L’hospitalisation à domicile (HAD) permet de recevoir chez soi des soins médicaux et paramédicaux normalement dispensés à l’hôpital. Qui peut y avoir droit, qui décide, et à quoi ressemble vraiment le quotidien une fois l’équipe en place : voici ce que dit le cadre officiel, sans promesse de notre part sur les délais ou les disponibilités.
Qu’est-ce que l’hospitalisation à domicile
L’HAD est un mode d’hospitalisation à part entière, au même titre qu’un séjour en établissement, à la différence que les soins sont réalisés au domicile du patient plutôt qu’entre les murs d’un hôpital[1]. Elle vise des patients atteints de pathologies aiguës, chroniques ou évolutives, qui nécessitent des soins médicaux et paramédicaux complexes et fréquents, impossibles à assurer par les seuls professionnels libéraux du secteur[3]. Le domicile est entendu au sens large : logement personnel, mais aussi établissement d’hébergement pour personnes âgées dépendantes (Ehpad) lorsque l’état du résident dépasse ce que la structure peut prendre en charge seule[3].
Ce n’est donc ni une aide à domicile, ni un simple passage infirmier : l’HAD assure une continuité de soins équivalente à celle de l’hôpital, avec une équipe pluridisciplinaire joignable 7 jours sur 7 et 24 heures sur 24[2]. Pour la différence avec les autres dispositifs de soins à domicile, nous détaillons les distinctions avec le SSIAD et le SPASAD dans un article dédié.
À qui s’adresse l’HAD
Concrètement, l’HAD concerne surtout des situations de soins lourds : en 2024, 29 % des journées d’HAD relevaient de soins palliatifs et 25 % de pansements complexes, loin devant les autres motifs (soins de nursing lourds, traitements intraveineux, prise en charge de la douleur, nutrition entérale, chimiothérapie anticancéreuse)[3]. La patientèle est majoritairement âgée : les personnes de 60 ans et plus représentent 69 % des patients pris en charge, et celles de 80 ans et plus 35 %, alors qu’elles ne pèsent que 6 % de la population française[3]. L’HAD reste toutefois ouverte à tous les âges, y compris aux nourrissons et aux enfants, pour des motifs différents (nutrition entérale, surveillance de grossesse à risque, post-partum pathologique)[3].

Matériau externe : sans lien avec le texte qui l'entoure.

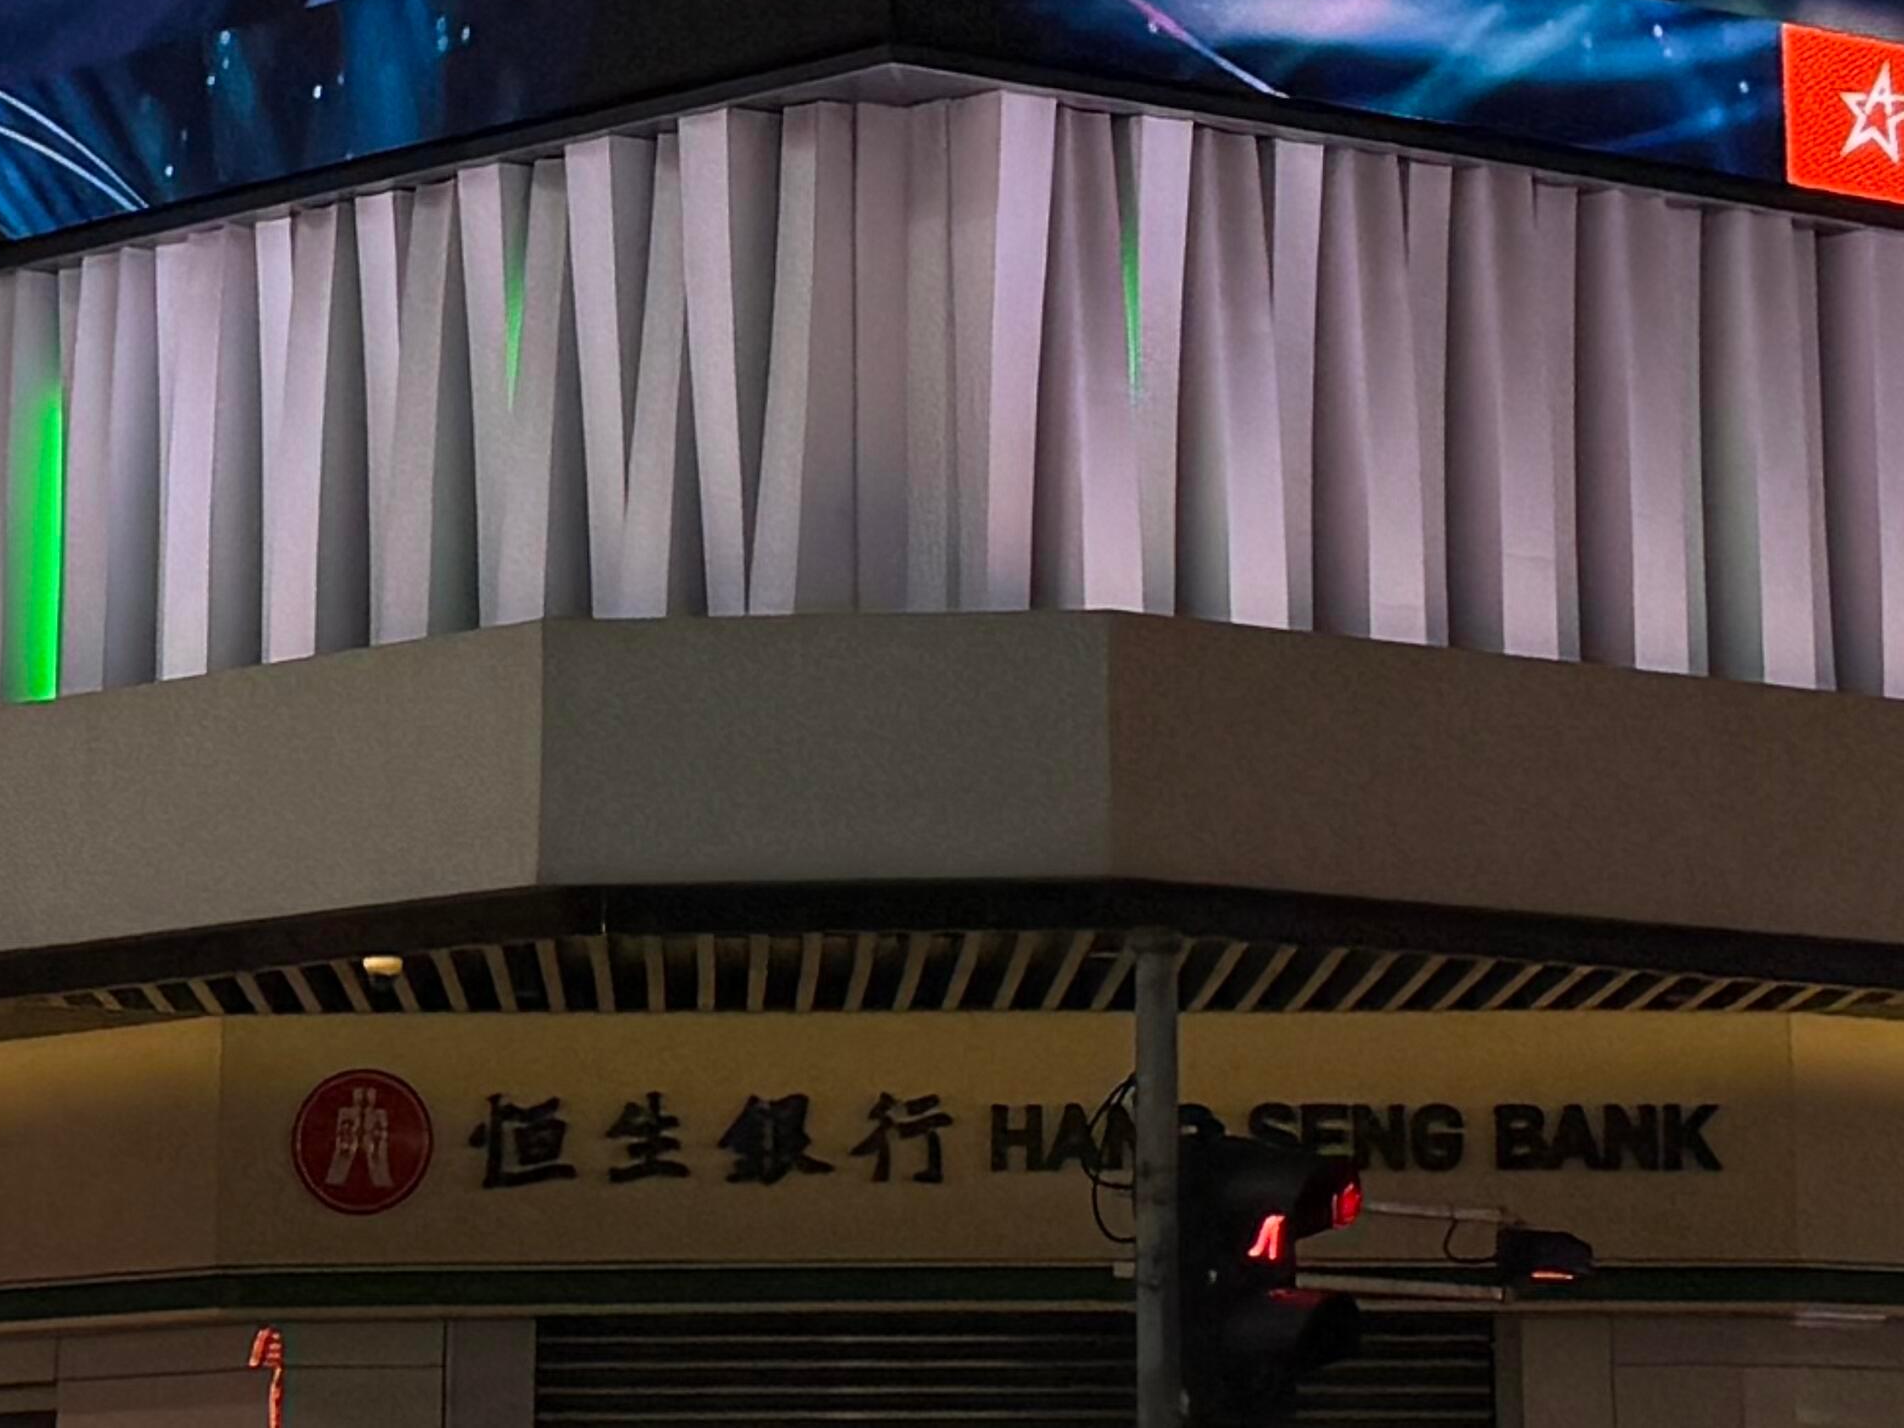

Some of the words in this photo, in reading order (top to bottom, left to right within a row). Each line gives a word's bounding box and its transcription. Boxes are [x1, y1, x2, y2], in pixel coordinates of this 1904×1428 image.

[468, 1091, 953, 1189] 恒生銀行
[1249, 1102, 1464, 1172] SENG
[1494, 1103, 1723, 1172] BANK
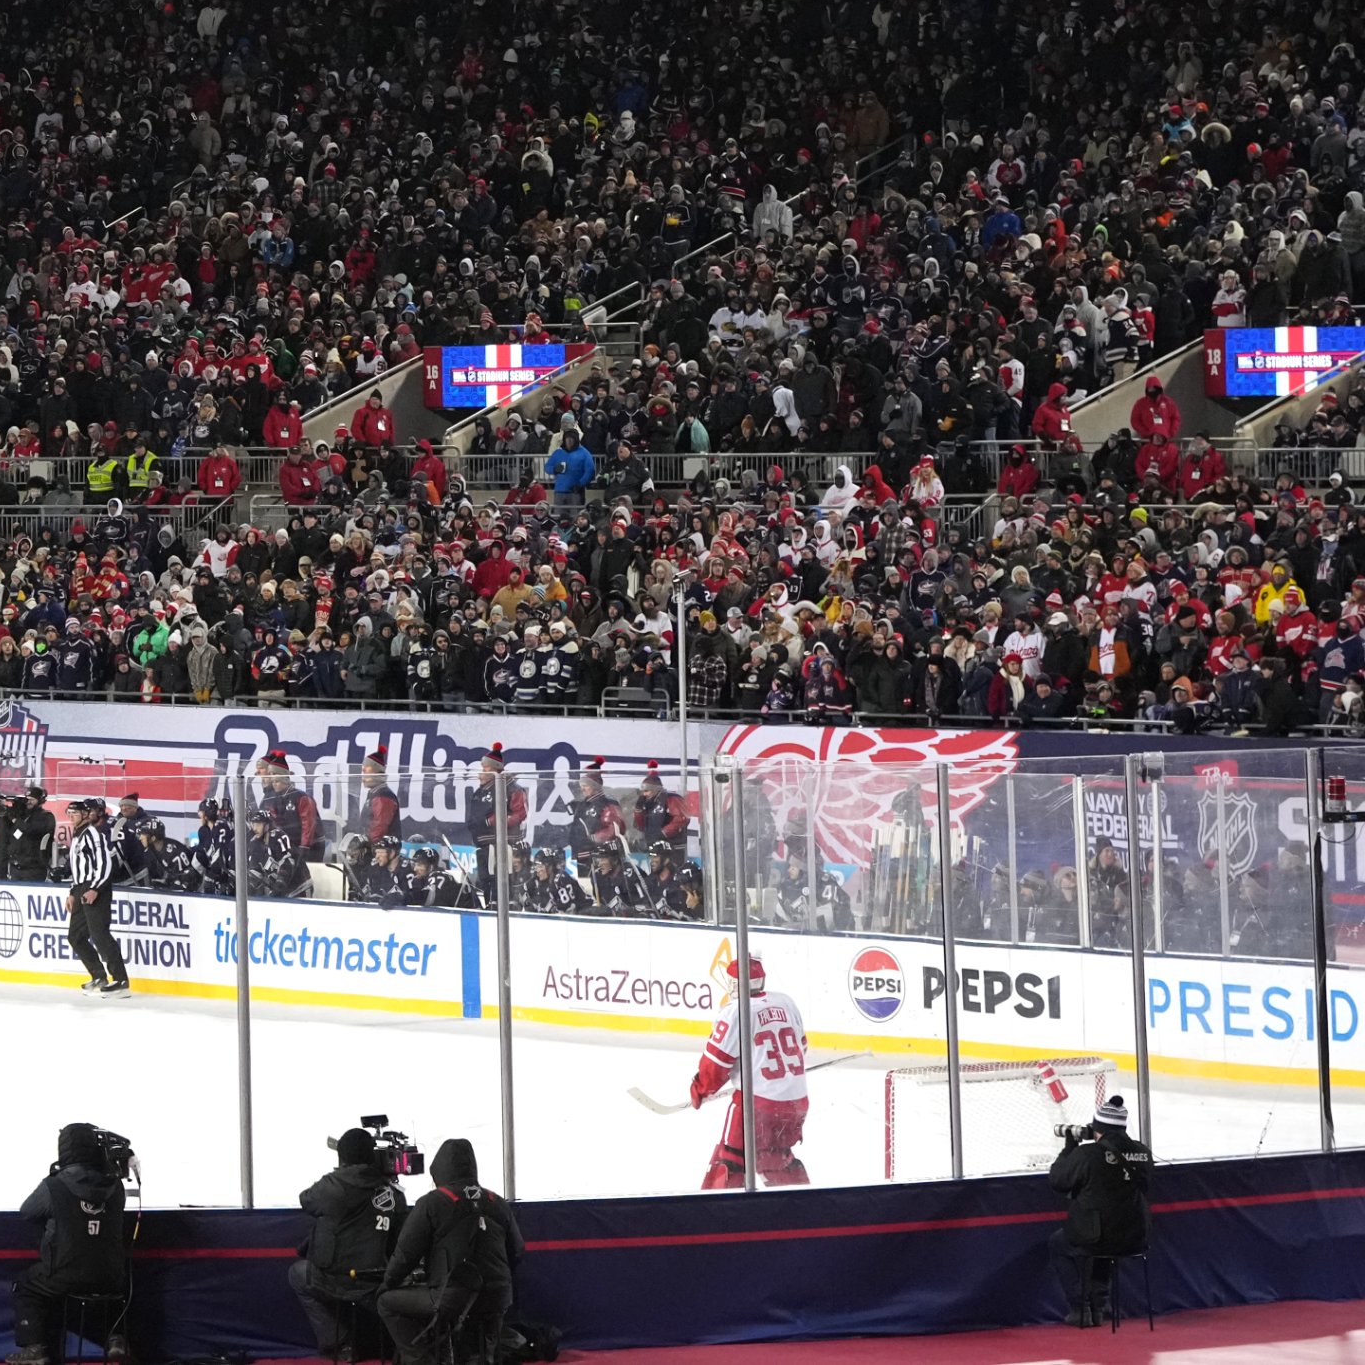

Une question revient souvent : une personne âgée vivant seule peut-elle en bénéficier ? La réponse officielle est nuancée. L’HAD n’est pas réservée aux foyers avec un aidant présent en permanence, mais elle n’est pas possible si le patient est en situation d’isolement complet, sans aucun proche pouvant alerter l’équipe en cas de besoin[1]. La faisabilité s’évalue au cas par cas, lors de la visite d’évaluation à domicile : un logement adapté, un moyen de communication fonctionnel et une possibilité de recours en urgence pèsent autant que la présence physique constante d’un proche.
Qui prescrit l’HAD et qui décide
L’orientation vers l’HAD se fait sur prescription médicale, le plus souvent par le médecin traitant ou par l’équipe hospitalière lorsque la demande intervient en cours ou en fin d’hospitalisation classique[2]. L’admission suppose ensuite trois éléments réunis : le consentement du patient et de son entourage, un projet thérapeutique individualisé, et l’avis favorable du médecin coordonnateur de la structure d’HAD sollicitée[2]. Ce médecin coordonnateur ne remplace pas le médecin traitant, qui continue de suivre le patient pendant toute la durée du séjour.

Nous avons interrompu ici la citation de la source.